Kekuasaan semu yang dimiliki manusia hendaknya menjadi sarana atau ladang berinvestasi kebaikan, sehingga menjadikannya mulia; bukan sebaliknya menjadi “aji mumpung” untuk memperkaya diri, melakukan korupsi berjamaah, menjadikan kementerian yang dipimpinnya sebagai “sapi perahan” atau ATM bagi partainya. Penyalahgunaan kekuasaan itu kelak akan dimintai pertanggung jawaban dari al-Malik.
Perbuatan dan kekuasaan al-Malik tidak ada yang memintai pertanggungjawaban. Al Malik tidak dikecam dan dicacimaki atas segala perbuatan dan kebijaksanaan-Nya.
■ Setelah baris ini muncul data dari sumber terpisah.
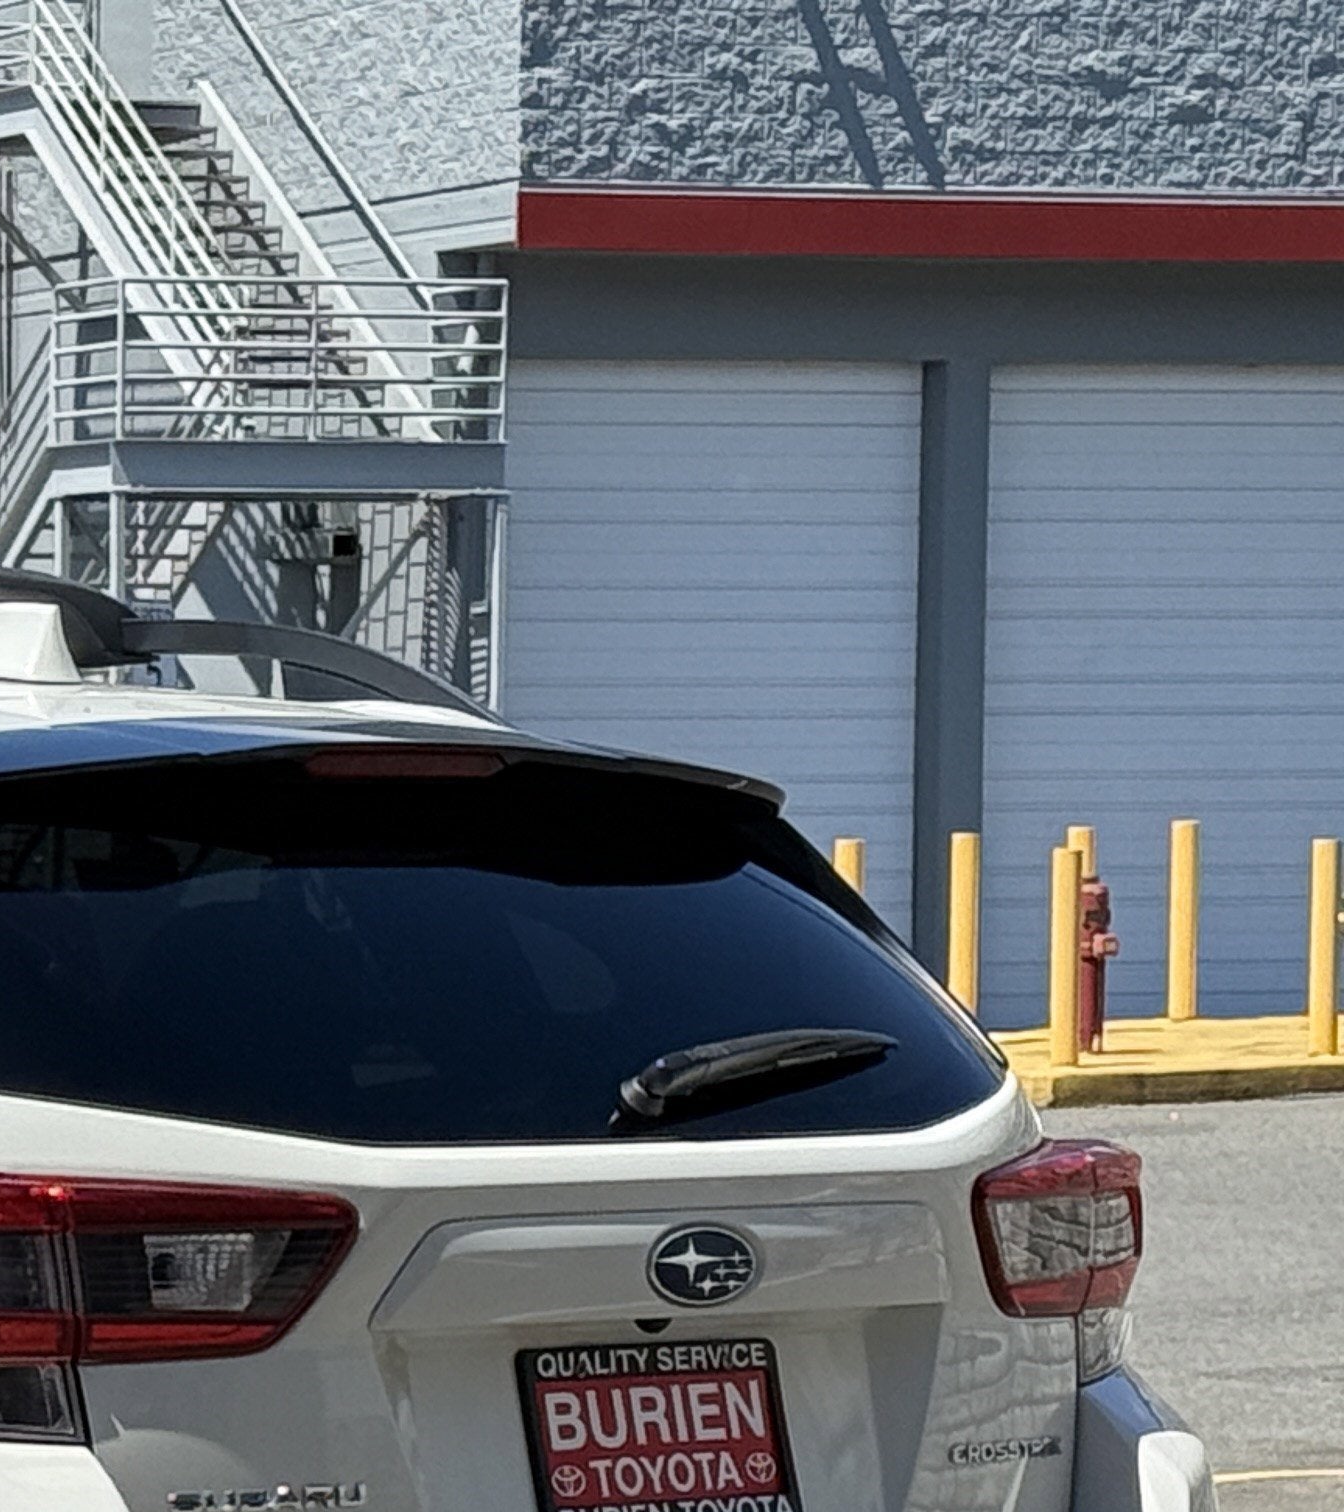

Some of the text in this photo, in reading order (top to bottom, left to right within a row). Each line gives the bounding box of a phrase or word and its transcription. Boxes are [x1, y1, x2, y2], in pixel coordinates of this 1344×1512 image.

Sebaliknya, manusia wajib mempertanggungjawabkan sikap dan perbuatannya di hadapan al Malik, yang Maha merajai hari perhitungan dan pembalasan amal manusia.
Dengan demikian, mengimani Allah al Malik hendaknya menyadarkan kita semua untuk memiliki rasa tanggung jawab yang tinggi, sehingga kita bersikap mawas diri dan hati-hati (bertakwa) memilih dan menentukan sikap dan perbuatan dalam hidup di dunia yang fana ini. Meneladani sifat al Malik mengharuskan setiap Muslim untuk bersikap sami’na wa atha’na, menjadi hamba yang taat, takwa, shalih, dan mushlih (reformis, selalu memperbaiki) kualitas hidupnya.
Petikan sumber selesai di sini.